> [Exercise prompt]
Below are records to give again exactly; omit each image they contain.

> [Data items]
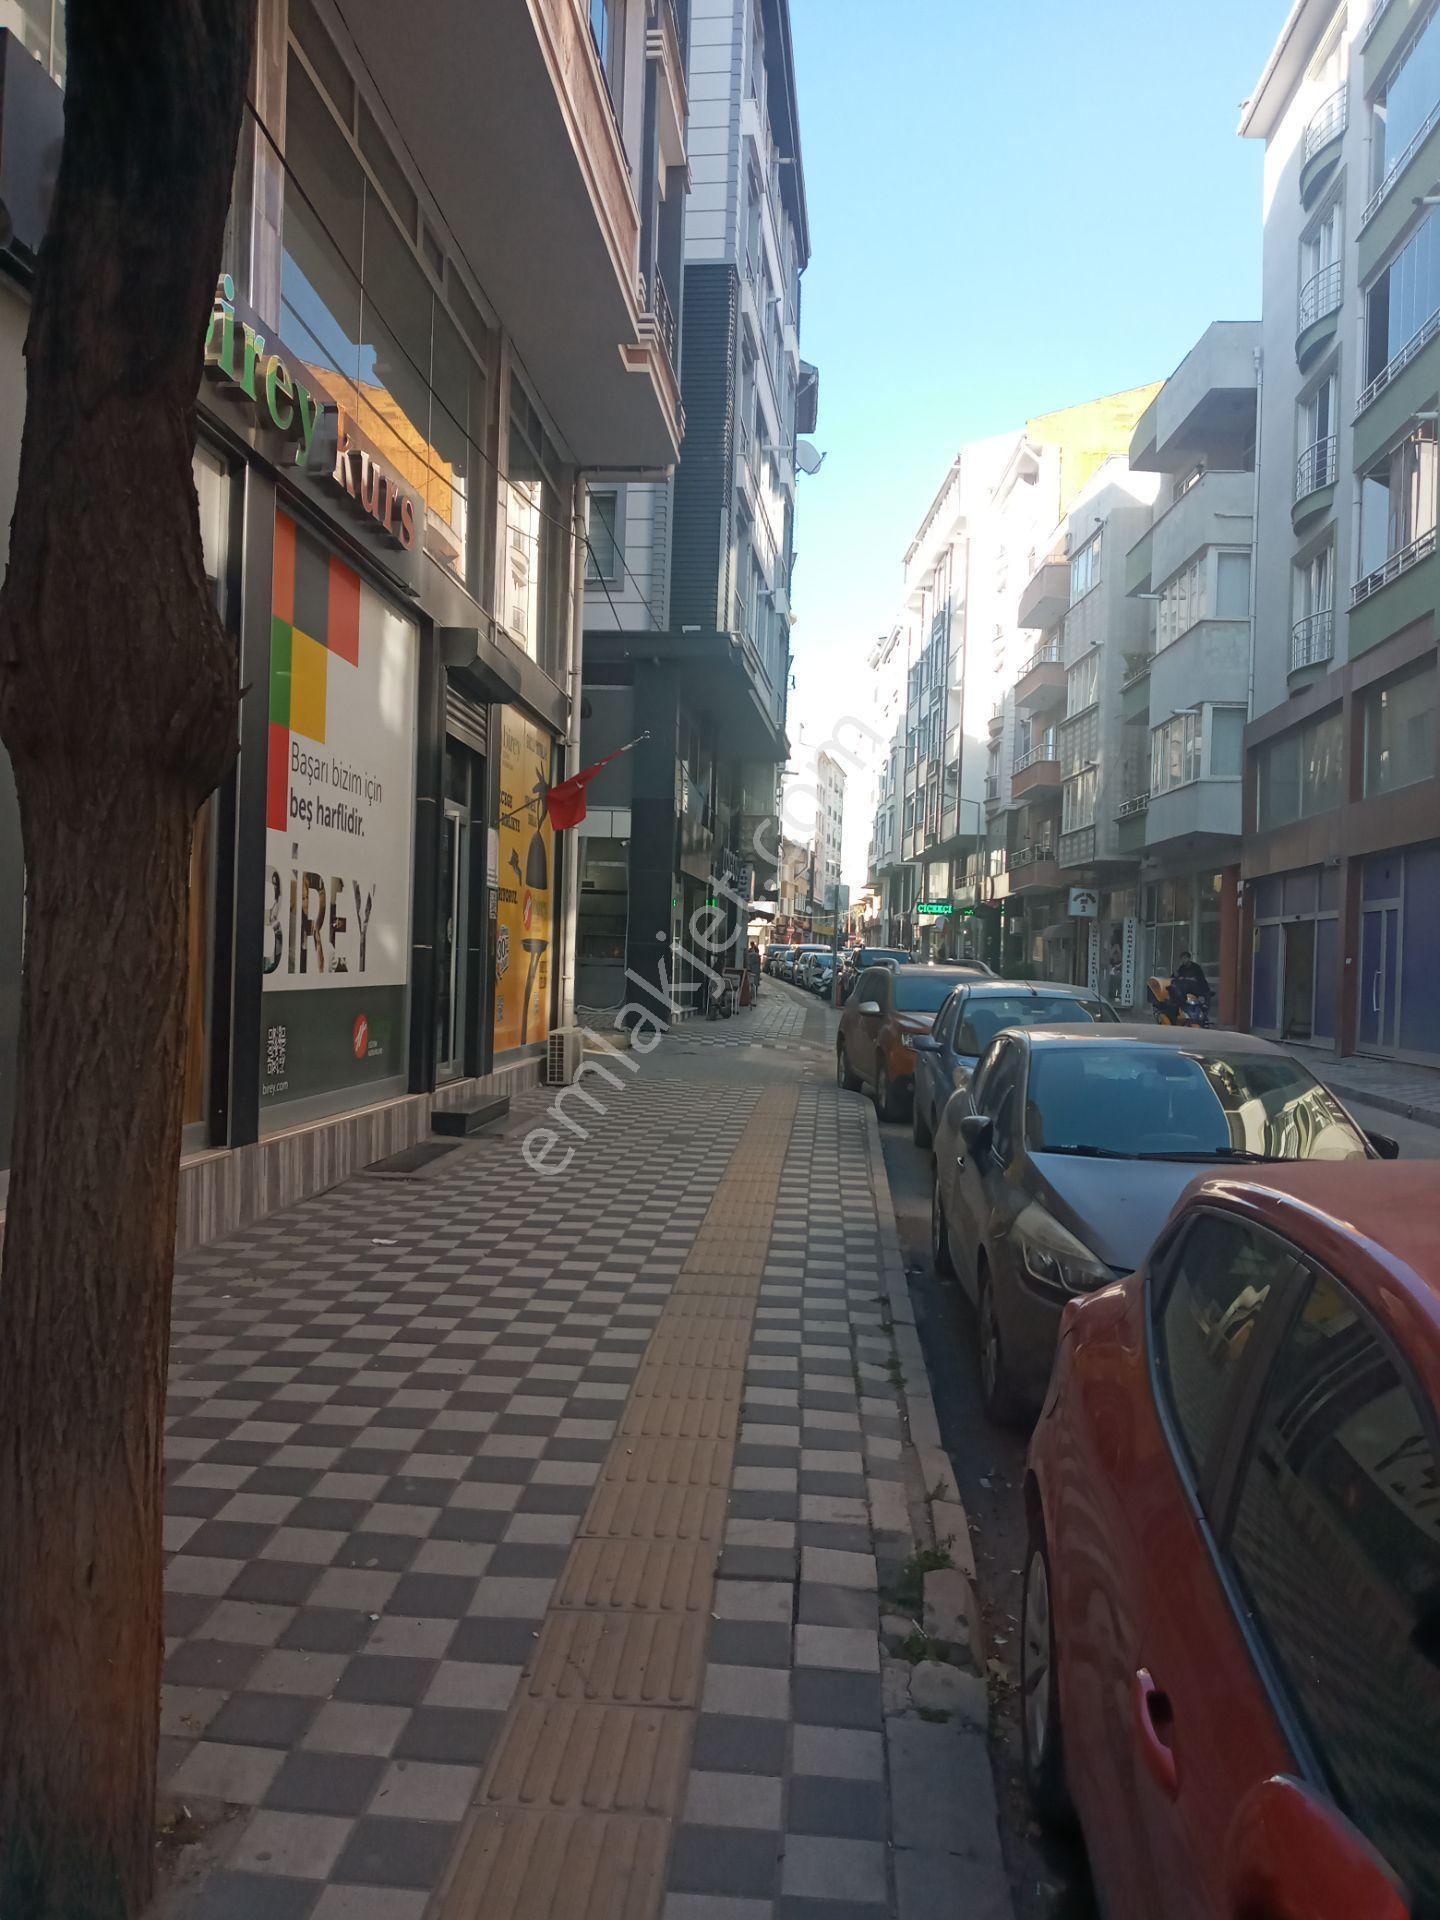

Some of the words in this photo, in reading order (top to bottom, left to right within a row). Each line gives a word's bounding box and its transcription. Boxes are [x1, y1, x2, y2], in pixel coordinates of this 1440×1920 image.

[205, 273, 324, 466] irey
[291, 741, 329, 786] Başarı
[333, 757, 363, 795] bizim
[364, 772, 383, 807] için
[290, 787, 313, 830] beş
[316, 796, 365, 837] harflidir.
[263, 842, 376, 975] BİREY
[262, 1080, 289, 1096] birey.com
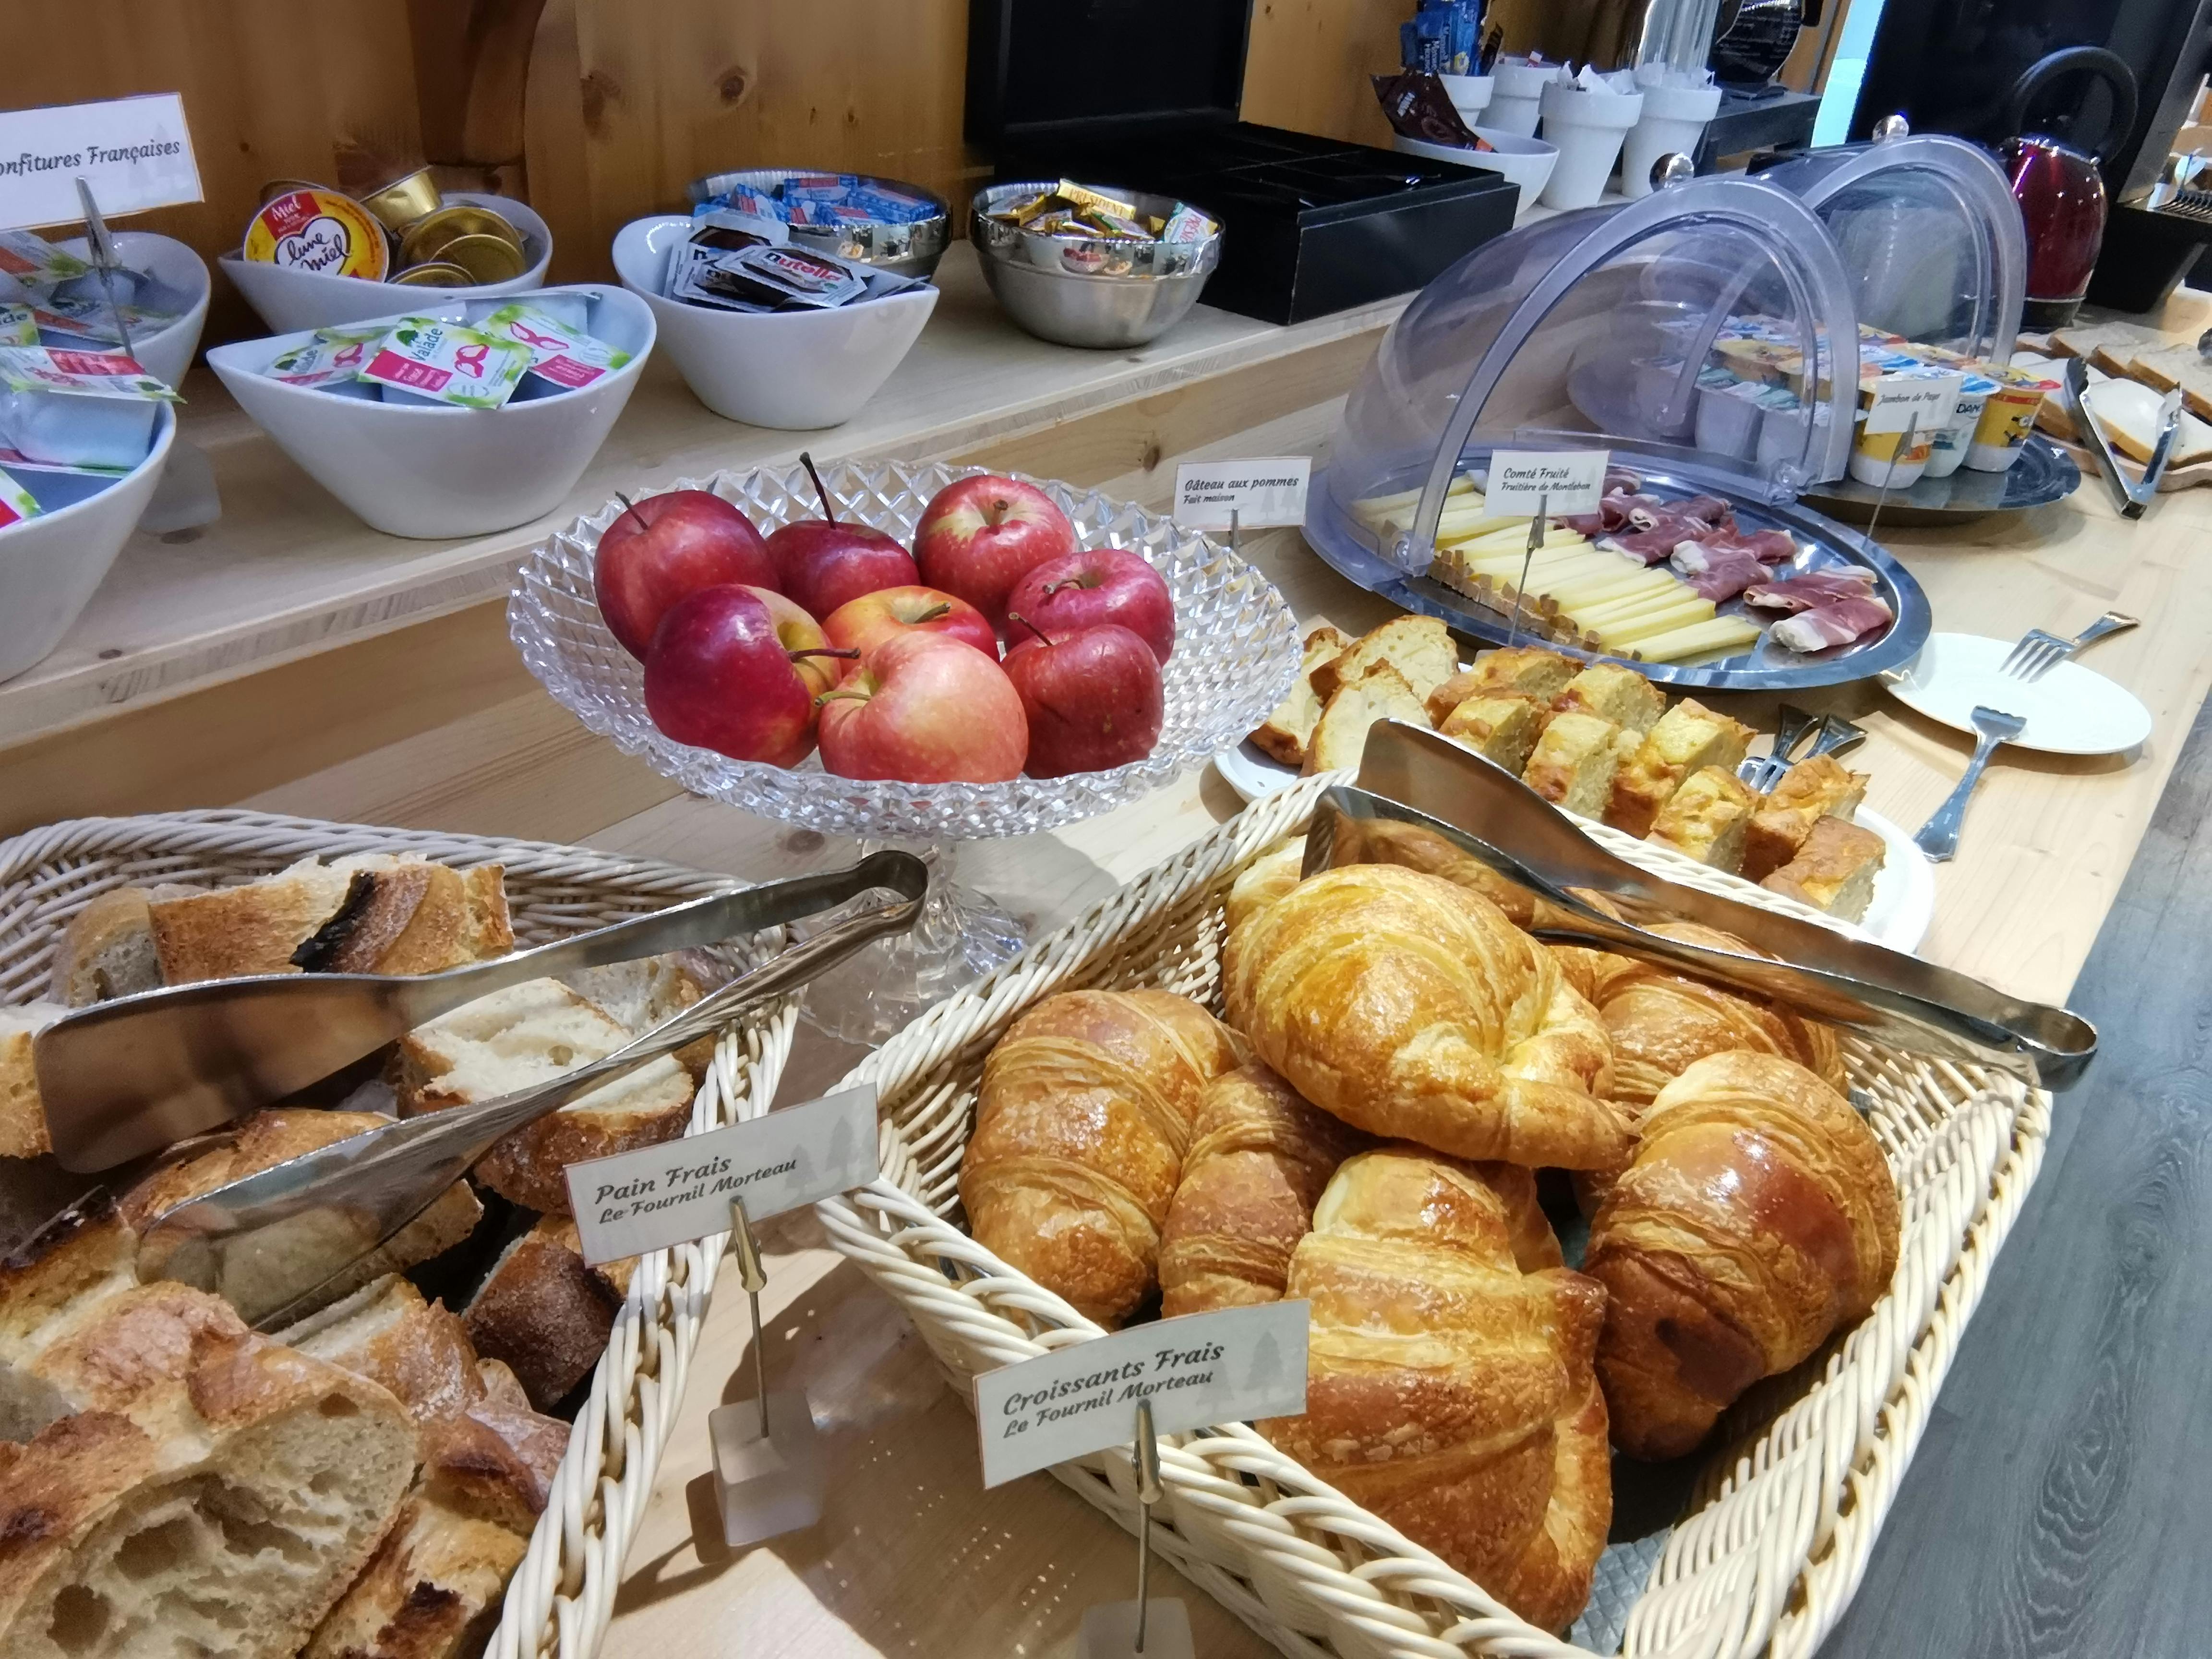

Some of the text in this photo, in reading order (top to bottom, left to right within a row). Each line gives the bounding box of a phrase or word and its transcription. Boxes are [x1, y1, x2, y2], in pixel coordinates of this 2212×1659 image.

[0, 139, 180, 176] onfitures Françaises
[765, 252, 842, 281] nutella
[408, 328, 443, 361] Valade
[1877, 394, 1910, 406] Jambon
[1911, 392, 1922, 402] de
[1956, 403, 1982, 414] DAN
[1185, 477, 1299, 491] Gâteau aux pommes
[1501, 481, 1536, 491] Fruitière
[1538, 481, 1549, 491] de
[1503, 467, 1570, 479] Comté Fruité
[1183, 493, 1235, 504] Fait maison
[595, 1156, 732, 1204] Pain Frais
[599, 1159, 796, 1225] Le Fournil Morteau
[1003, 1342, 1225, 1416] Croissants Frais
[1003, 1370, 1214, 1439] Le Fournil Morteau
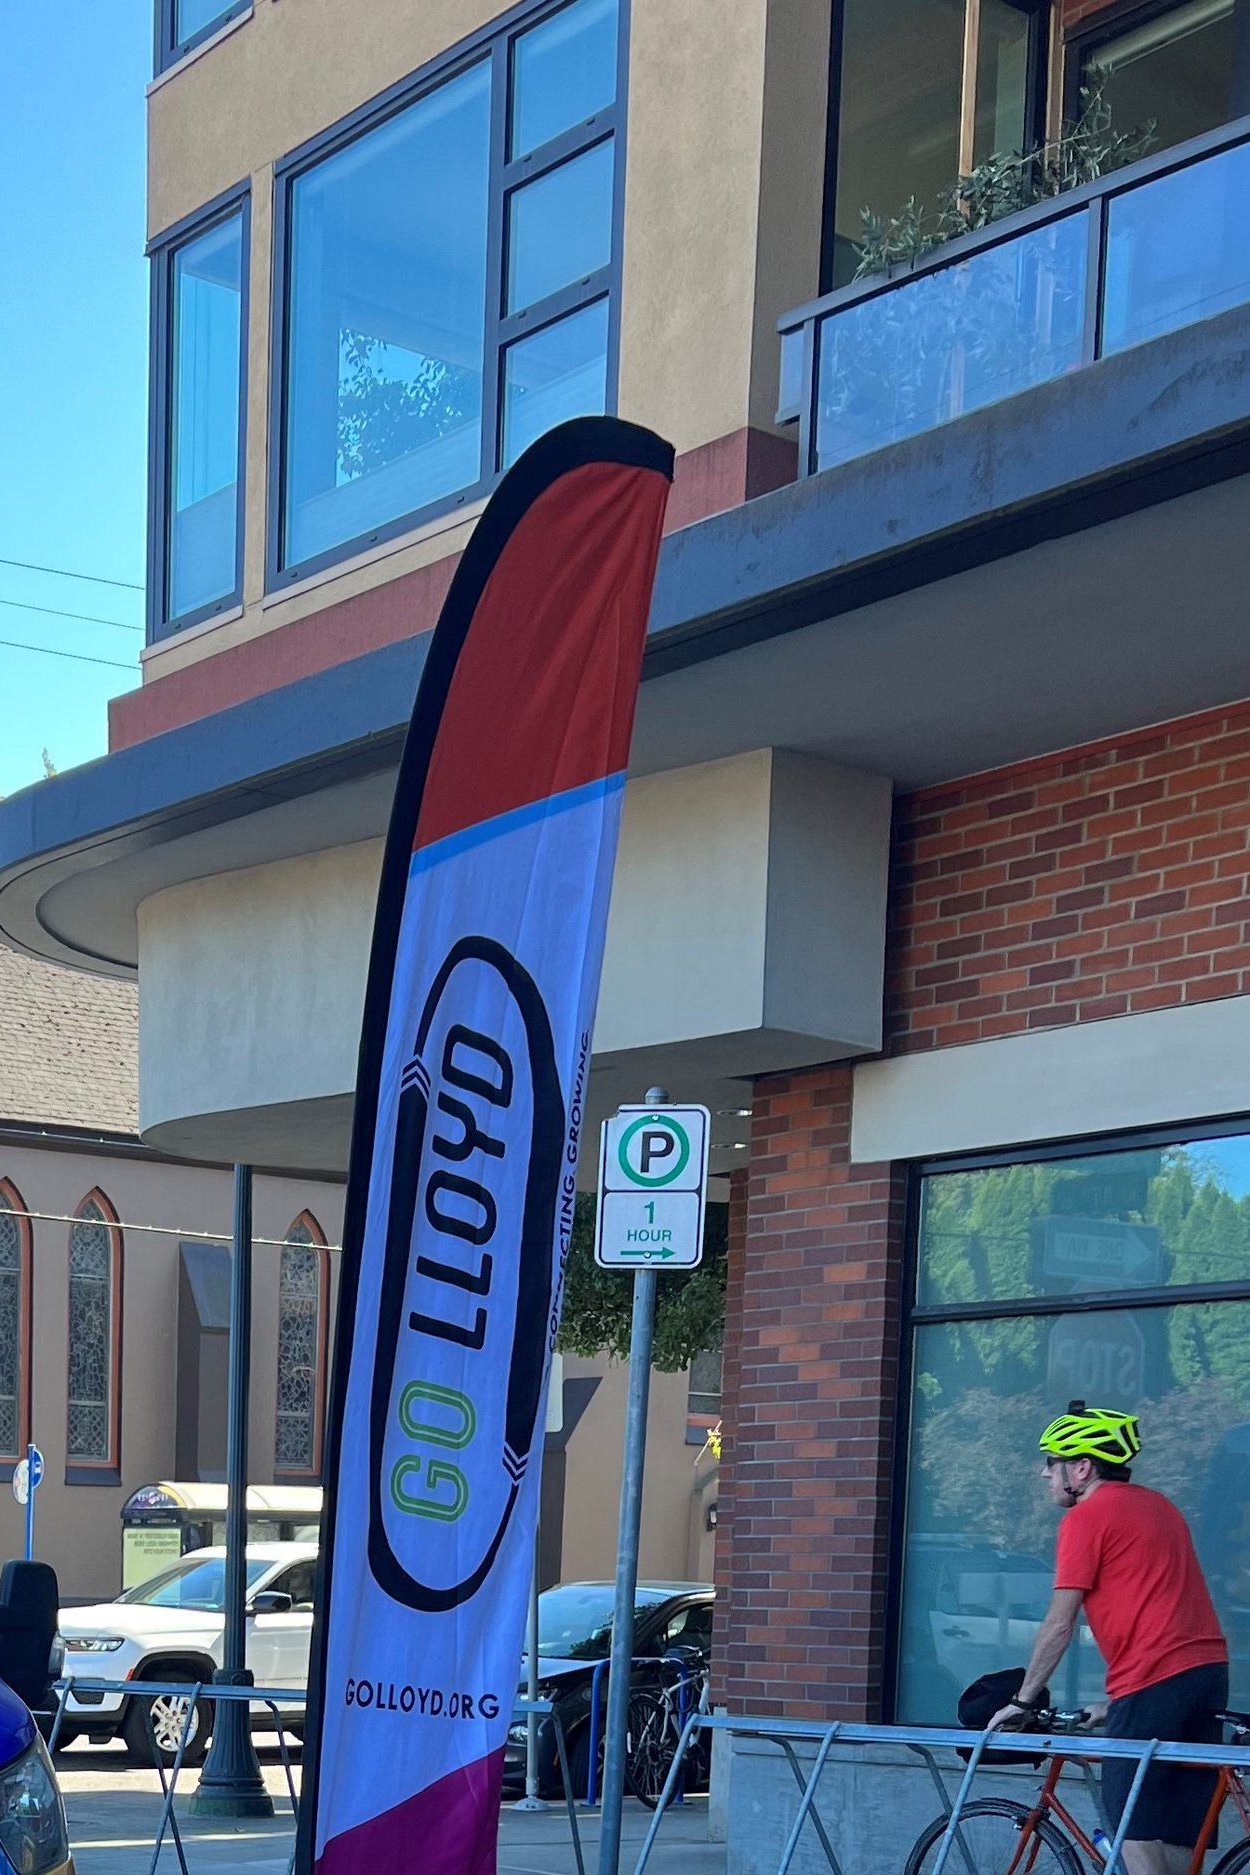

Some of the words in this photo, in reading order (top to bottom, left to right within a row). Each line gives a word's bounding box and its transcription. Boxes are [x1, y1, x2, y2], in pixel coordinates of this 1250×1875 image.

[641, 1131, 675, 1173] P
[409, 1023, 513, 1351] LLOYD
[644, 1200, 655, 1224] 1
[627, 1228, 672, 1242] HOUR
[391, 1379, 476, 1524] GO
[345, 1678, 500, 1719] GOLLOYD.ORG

> [Result for this task]
Some of the words in this photo, in reading order (top to bottom, left to right within a row). Each line gives a word's bounding box and its transcription. Boxes are [x1, y1, x2, y2], in pixel coordinates of this 1440×1920 image.

[205, 273, 324, 466] irey
[291, 741, 329, 786] Başarı
[333, 757, 363, 795] bizim
[364, 772, 383, 807] için
[290, 787, 313, 830] beş
[316, 796, 365, 837] harflidir.
[263, 842, 376, 975] BİREY
[262, 1080, 289, 1096] birey.com

Some of the text in this photo, in reading order (top to bottom, left to right within a row). Each line gives the bounding box of a phrase or word and its transcription. Boxes are [x1, y1, x2, y2], in pixel coordinates of this 2212×1659 image.

[0, 139, 180, 176] onfitures Françaises
[765, 252, 842, 281] nutella
[408, 328, 443, 361] Valade
[1877, 394, 1910, 406] Jambon
[1911, 392, 1922, 402] de
[1956, 403, 1982, 414] DAN
[1185, 477, 1299, 491] Gâteau aux pommes
[1501, 481, 1536, 491] Fruitière
[1538, 481, 1549, 491] de
[1503, 467, 1570, 479] Comté Fruité
[1183, 493, 1235, 504] Fait maison
[595, 1156, 732, 1204] Pain Frais
[599, 1159, 796, 1225] Le Fournil Morteau
[1003, 1342, 1225, 1416] Croissants Frais
[1003, 1370, 1214, 1439] Le Fournil Morteau

Some of the words in this photo, in reading order (top to bottom, left to right within a row). Each line gives a word's bounding box and its transcription. Boxes are [x1, y1, x2, y2], in pixel coordinates of this 1250×1875 image.

[641, 1131, 675, 1173] P
[409, 1023, 513, 1351] LLOYD
[644, 1200, 655, 1224] 1
[627, 1228, 672, 1242] HOUR
[391, 1379, 476, 1524] GO
[345, 1678, 500, 1719] GOLLOYD.ORG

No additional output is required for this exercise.